### WORK ORDER
The expected output is the full data, repeated exactly, without pictures.

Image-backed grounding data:
=== Section Start ===
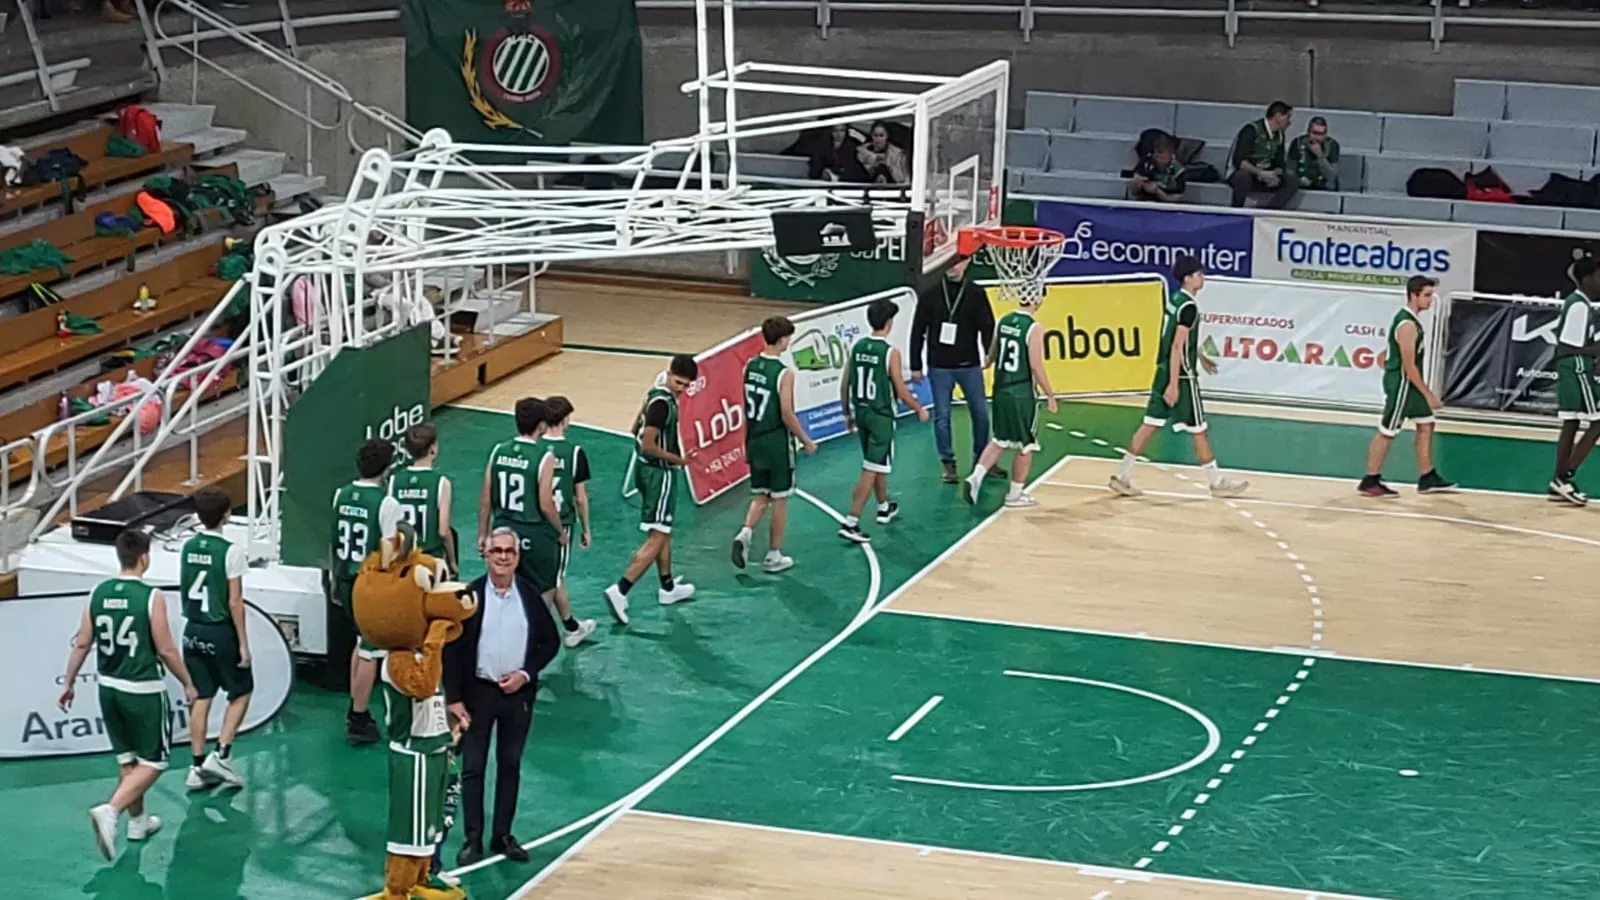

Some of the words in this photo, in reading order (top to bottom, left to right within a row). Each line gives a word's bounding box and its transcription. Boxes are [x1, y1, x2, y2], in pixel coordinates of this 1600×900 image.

[1277, 228, 1450, 272] Fontecabras
[1327, 224, 1391, 237] MANANTIAL
[1327, 272, 1378, 284] MINERAL
[1345, 324, 1376, 336] CASH
[998, 337, 1020, 373] 13
[1516, 367, 1559, 380] Automo
[744, 383, 771, 422] 57
[857, 366, 877, 401] 16
[694, 398, 744, 449] Lob
[498, 471, 525, 512] 12
[336, 519, 369, 563] 33
[187, 569, 209, 613] 4
[95, 614, 139, 659] 34
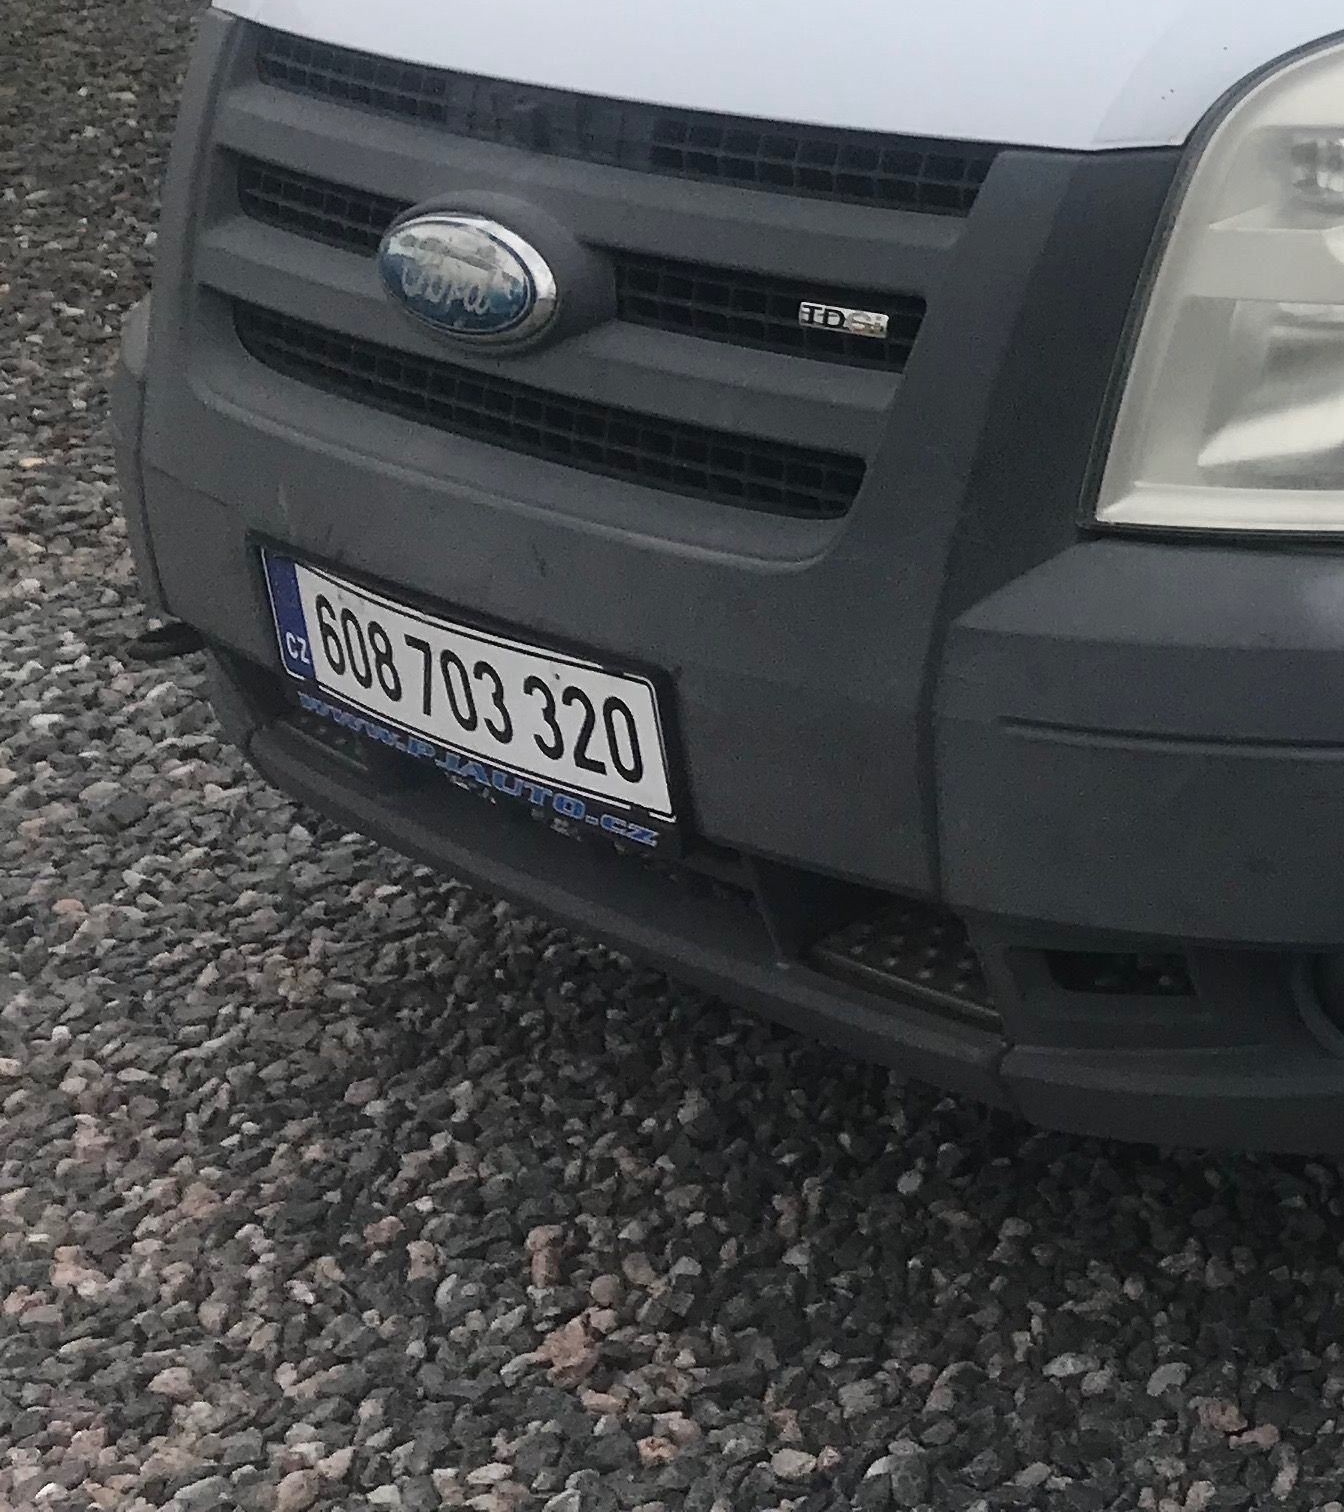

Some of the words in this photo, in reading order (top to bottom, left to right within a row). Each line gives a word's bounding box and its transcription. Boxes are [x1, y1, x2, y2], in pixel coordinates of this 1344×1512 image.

[286, 631, 310, 664] CZ
[315, 594, 402, 702] 608
[404, 634, 513, 744] 703
[523, 675, 643, 783] 320
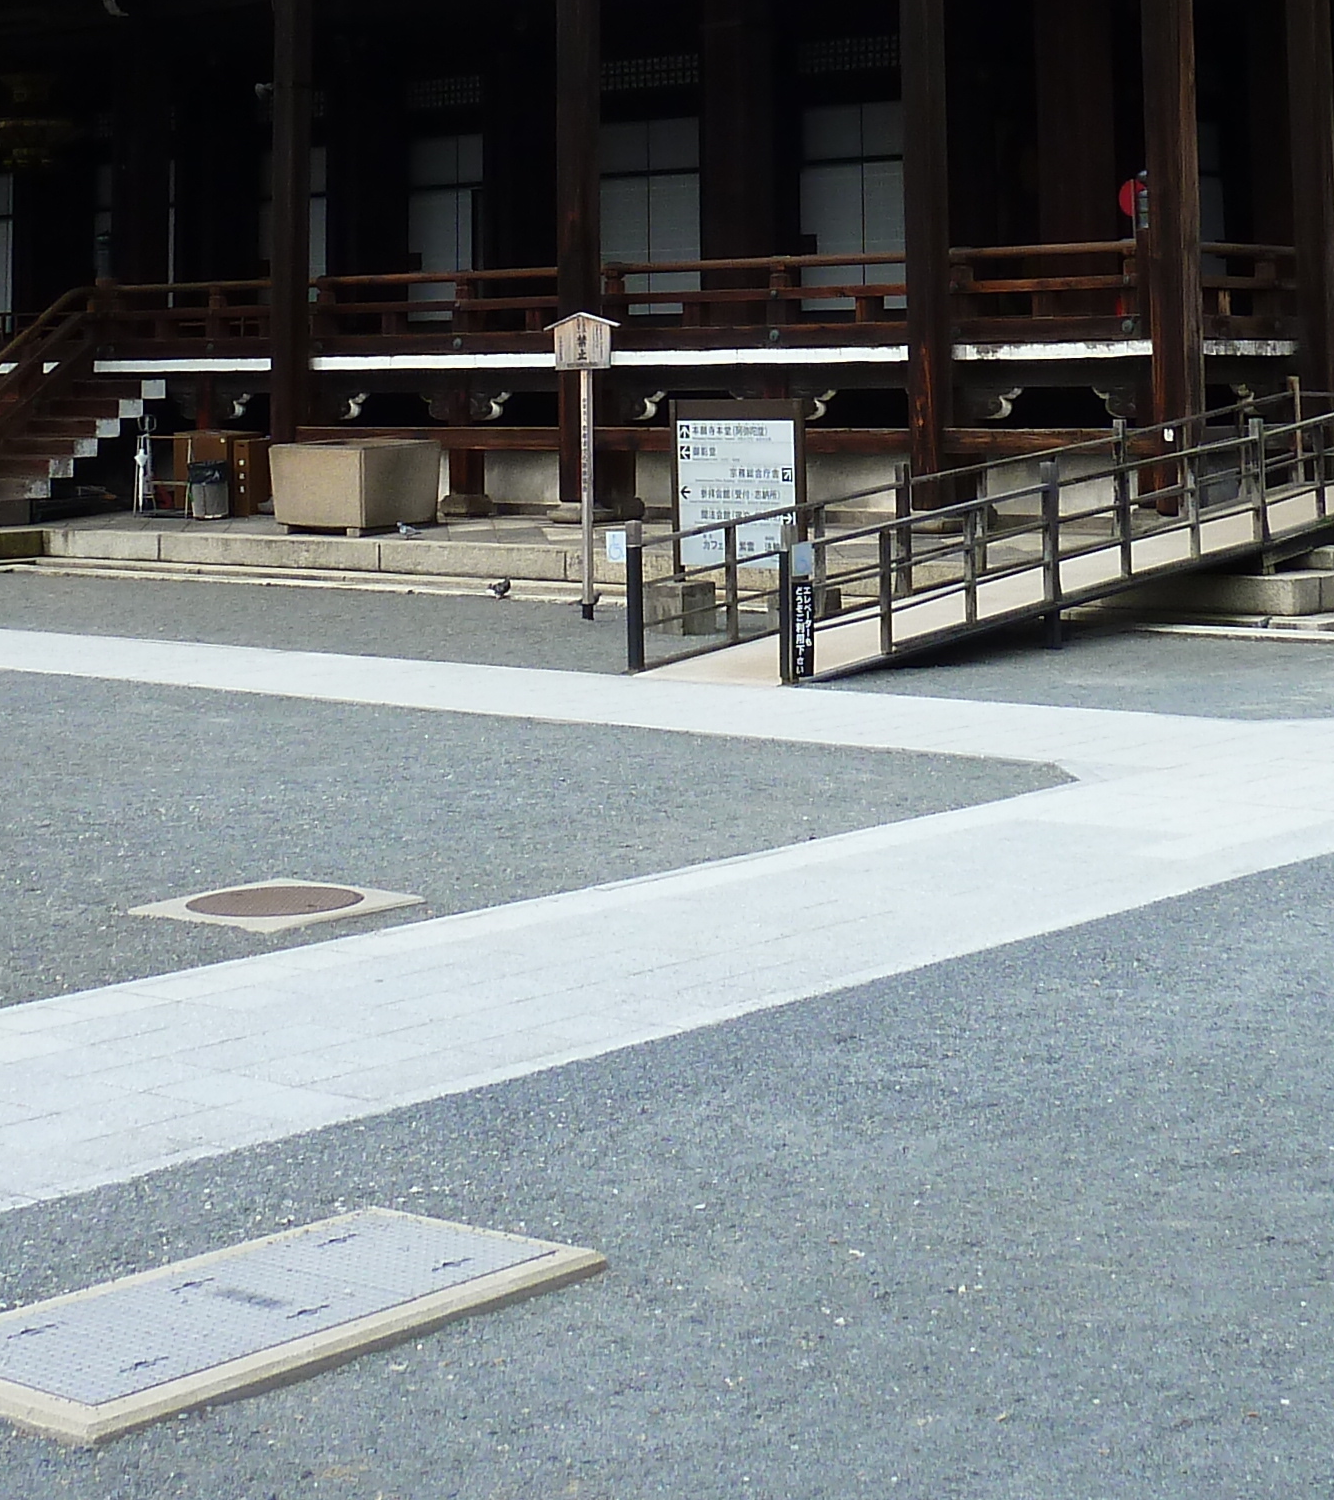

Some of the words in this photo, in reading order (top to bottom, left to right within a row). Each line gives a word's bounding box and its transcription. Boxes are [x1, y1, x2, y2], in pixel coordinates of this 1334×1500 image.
=== Section End ===
### EXERCISE SOLUTION
Some of the words in this photo, in reading order (top to bottom, left to right within a row). Each line gives a word's bounding box and its transcription. Boxes are [x1, y1, x2, y2], in pixel coordinates of this 1600×900 image.

[1277, 228, 1450, 272] Fontecabras
[1327, 224, 1391, 237] MANANTIAL
[1327, 272, 1378, 284] MINERAL
[1345, 324, 1376, 336] CASH
[998, 337, 1020, 373] 13
[1516, 367, 1559, 380] Automo
[744, 383, 771, 422] 57
[857, 366, 877, 401] 16
[694, 398, 744, 449] Lob
[498, 471, 525, 512] 12
[336, 519, 369, 563] 33
[187, 569, 209, 613] 4
[95, 614, 139, 659] 34

Some of the words in this photo, in reading order (top to bottom, left to right within a row). Each line gives a word's bounding box and its transcription. Boxes are [x1, y1, x2, y2], in pixel coordinates of this 1344×1512 image.

[286, 631, 310, 664] CZ
[315, 594, 402, 702] 608
[404, 634, 513, 744] 703
[523, 675, 643, 783] 320

Some of the words in this photo, in reading order (top to bottom, left to right within a row). Each line gives a word's bounding box and its transcription. Boxes are [x1, y1, x2, y2], in pixel coordinates of this 1334×1500 image.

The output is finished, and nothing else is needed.